• **Exercise aim**: Your task is to write out the entire listing exactly, omitting its pictures.
################
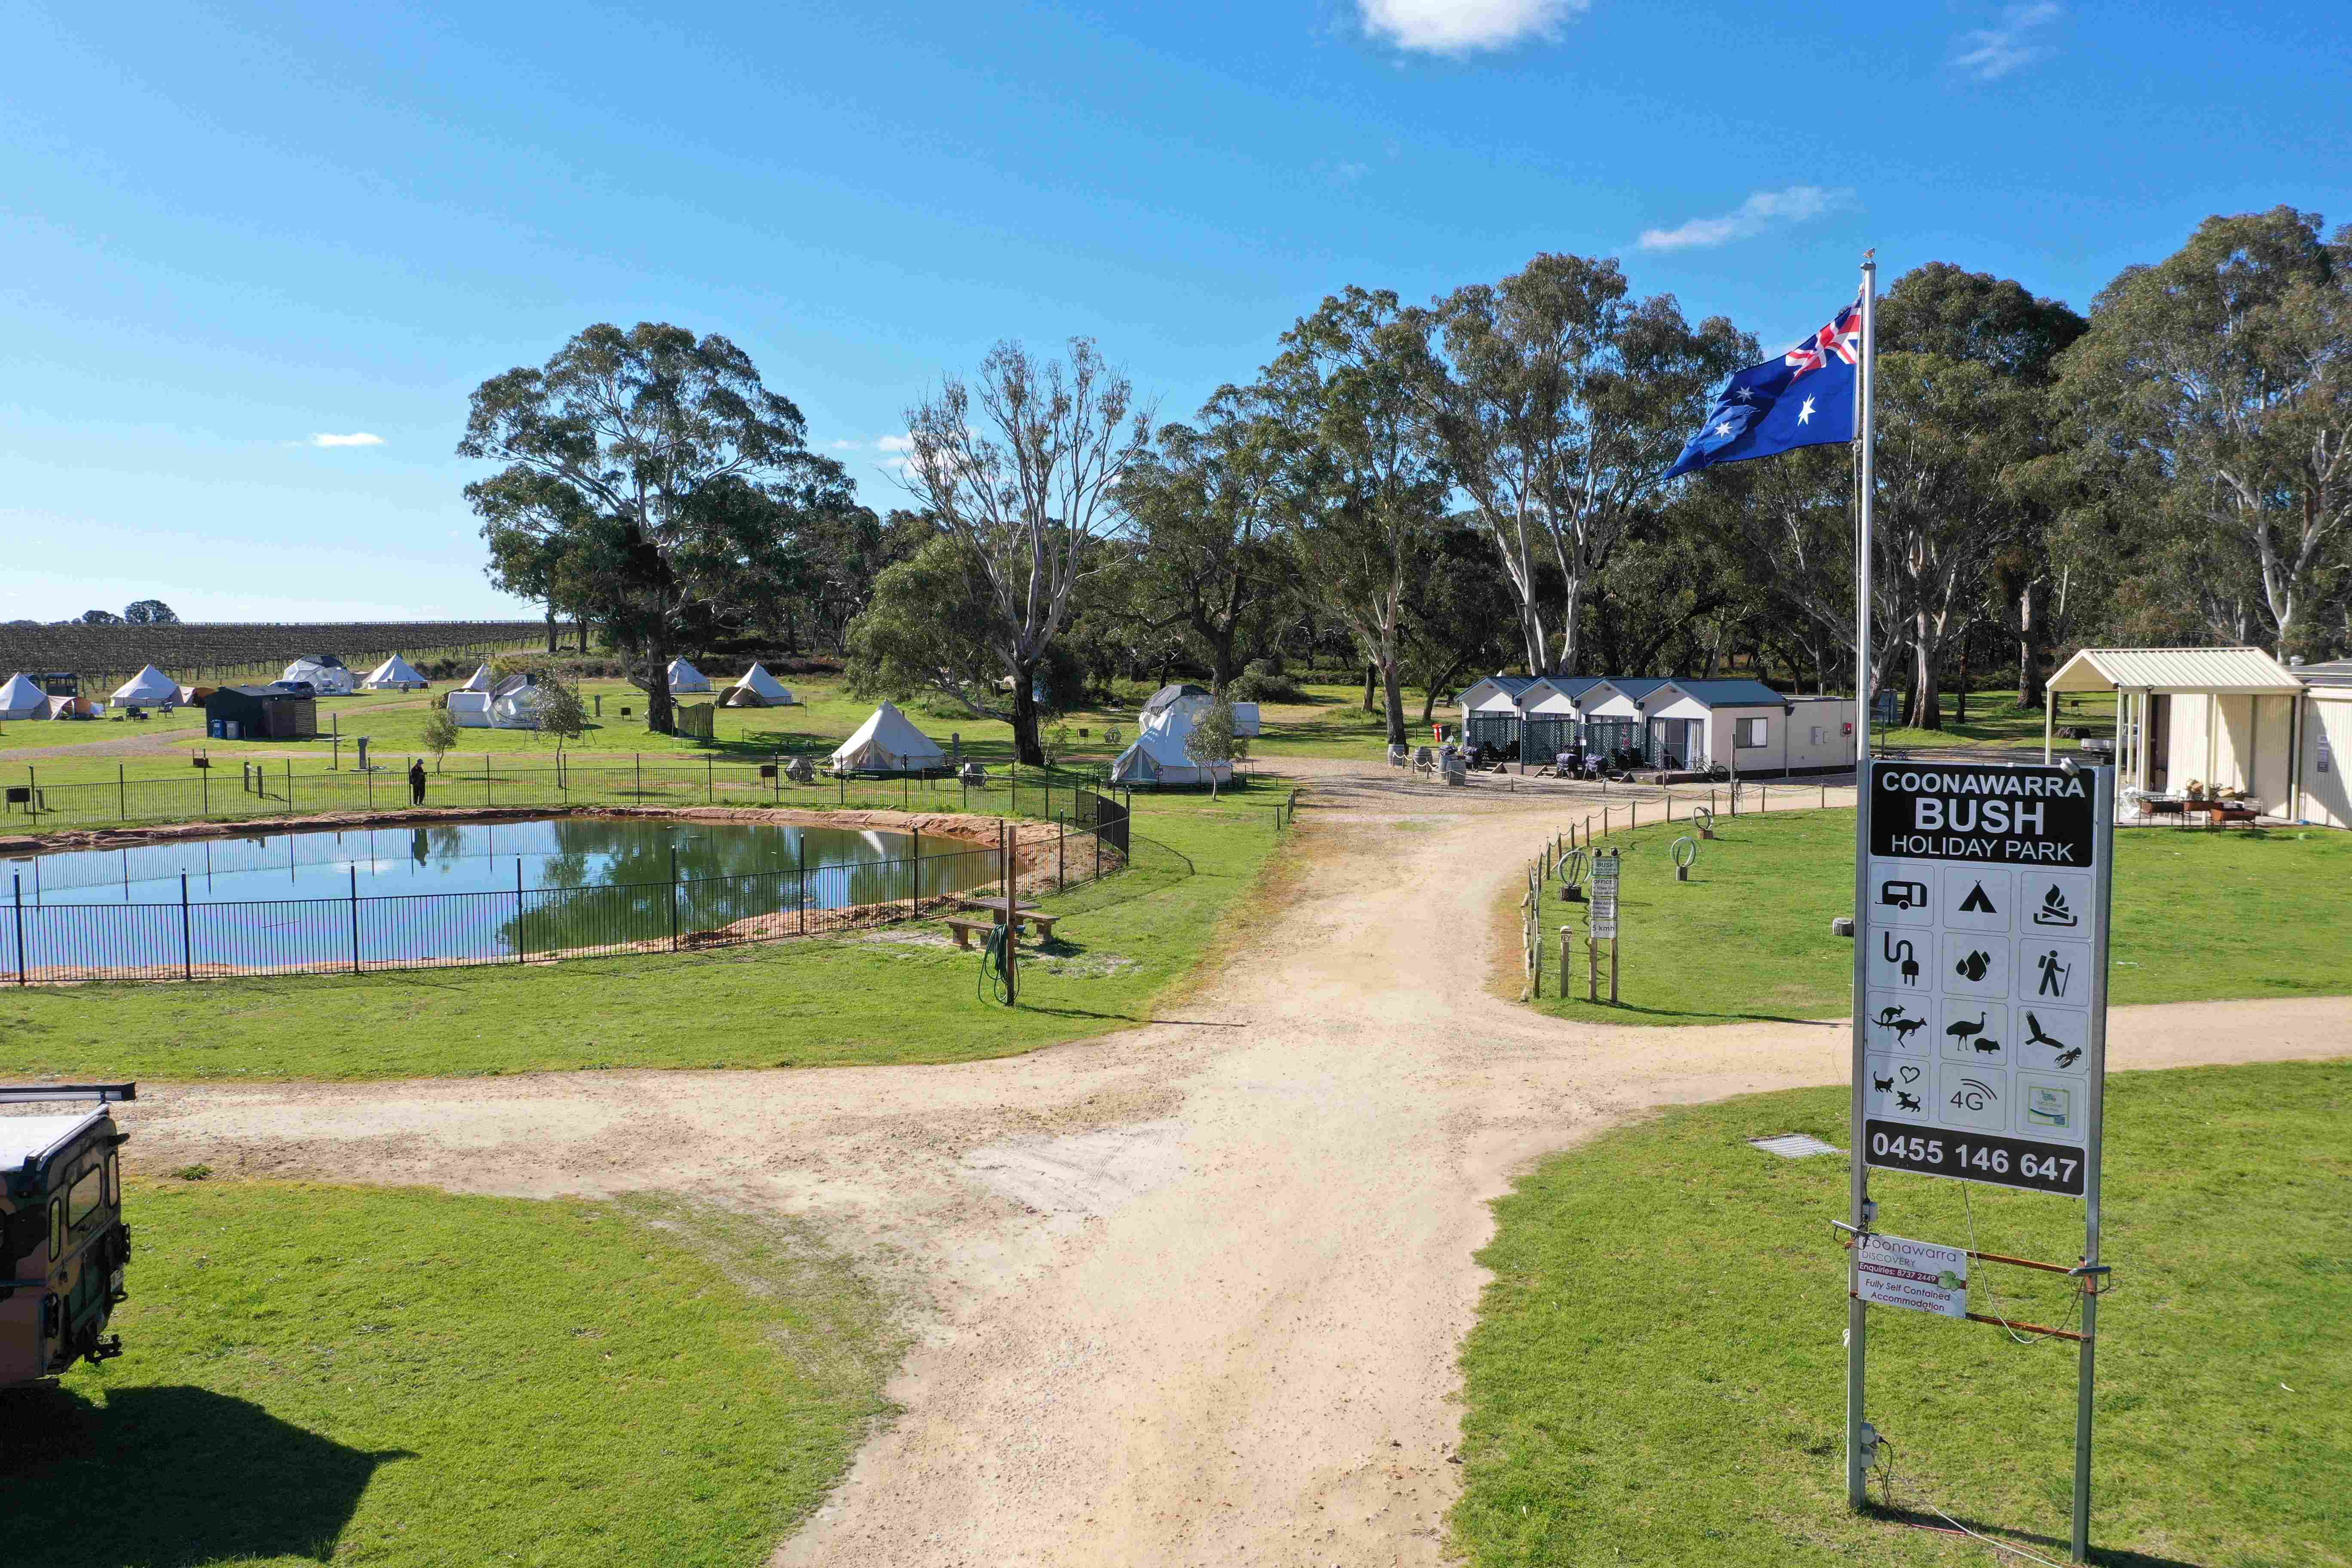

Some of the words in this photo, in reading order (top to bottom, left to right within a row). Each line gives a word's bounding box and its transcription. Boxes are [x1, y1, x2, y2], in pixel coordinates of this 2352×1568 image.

[1882, 772, 2086, 798] COONAWARRA
[1915, 797, 2044, 835] BUSH
[1892, 834, 1998, 858] HOLIDAY
[2006, 840, 2074, 862] PARK
[1950, 1091, 1983, 1111] 4G
[1873, 1133, 1943, 1163] 0455
[1955, 1144, 2009, 1173] 146
[2020, 1153, 2078, 1182] 647
[1862, 1251, 1916, 1267] DISCOVERY
[1859, 1263, 1895, 1275] Enquiries:
[1897, 1270, 1915, 1278] 8737
[1917, 1273, 1936, 1282] 2449
[1865, 1278, 1884, 1290] Fully
[1887, 1282, 1902, 1291] Self
[1904, 1286, 1951, 1301] Contained
[1871, 1291, 1945, 1311] Accommodation
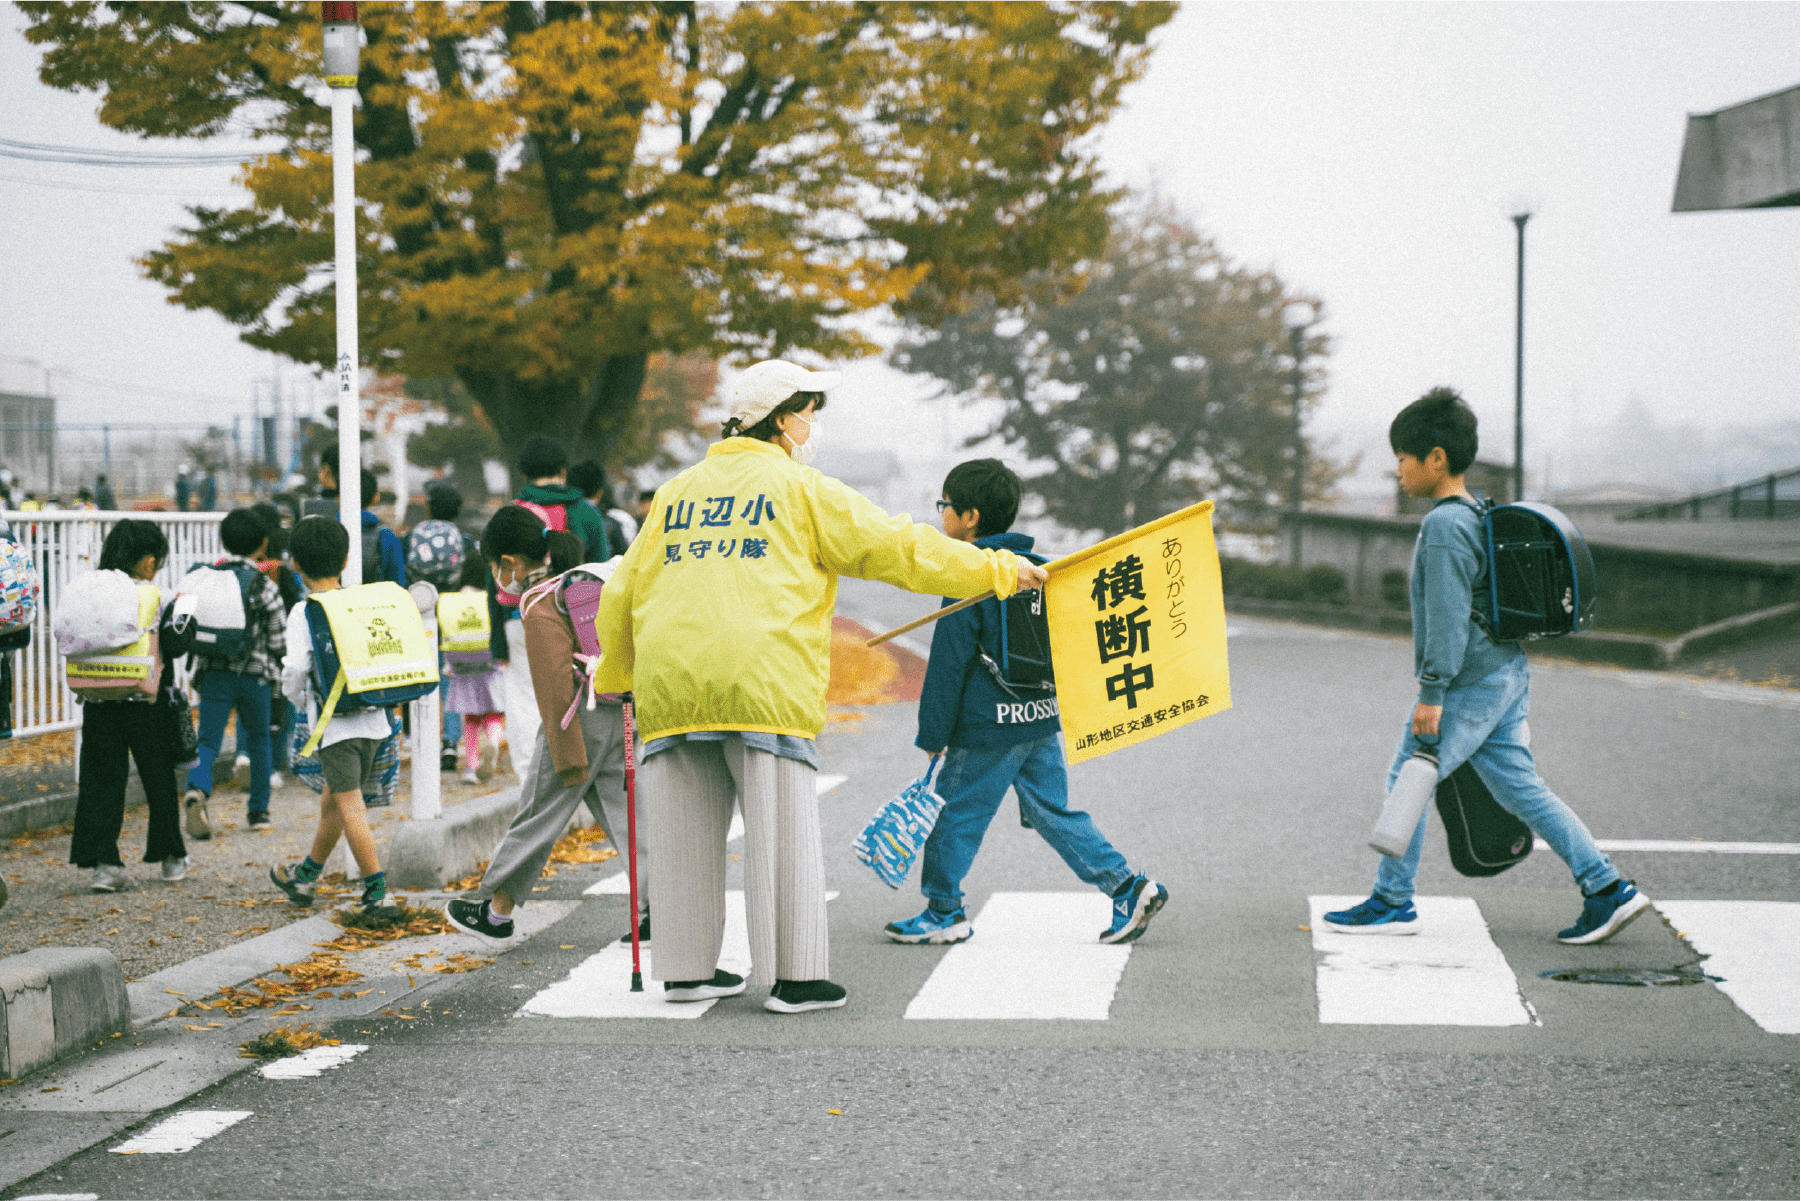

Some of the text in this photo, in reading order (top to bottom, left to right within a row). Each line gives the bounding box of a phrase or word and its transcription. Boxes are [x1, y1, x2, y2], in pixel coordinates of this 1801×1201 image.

[664, 494, 776, 533] 山辺小
[663, 538, 769, 565] 見守り隊
[1162, 537, 1188, 639] ありがとう
[1090, 554, 1155, 710] 横断中
[1075, 694, 1210, 751] 山形地区交通安全協会
################
• **Solution**:
Some of the words in this photo, in reading order (top to bottom, left to right within a row). Each line gives a word's bounding box and its transcription. Boxes are [x1, y1, x2, y2], in pixel coordinates of this 2352×1568 image.

[1882, 772, 2086, 798] COONAWARRA
[1915, 797, 2044, 835] BUSH
[1892, 834, 1998, 858] HOLIDAY
[2006, 840, 2074, 862] PARK
[1950, 1091, 1983, 1111] 4G
[1873, 1133, 1943, 1163] 0455
[1955, 1144, 2009, 1173] 146
[2020, 1153, 2078, 1182] 647
[1862, 1251, 1916, 1267] DISCOVERY
[1859, 1263, 1895, 1275] Enquiries:
[1897, 1270, 1915, 1278] 8737
[1917, 1273, 1936, 1282] 2449
[1865, 1278, 1884, 1290] Fully
[1887, 1282, 1902, 1291] Self
[1904, 1286, 1951, 1301] Contained
[1871, 1291, 1945, 1311] Accommodation

Some of the text in this photo, in reading order (top to bottom, left to right within a row). Each line gives the bounding box of a phrase or word and its transcription. Boxes are [x1, y1, x2, y2], in pixel coordinates of this 1801×1201 image.

[664, 494, 776, 533] 山辺小
[663, 538, 769, 565] 見守り隊
[1162, 537, 1188, 639] ありがとう
[1090, 554, 1155, 710] 横断中
[1075, 694, 1210, 751] 山形地区交通安全協会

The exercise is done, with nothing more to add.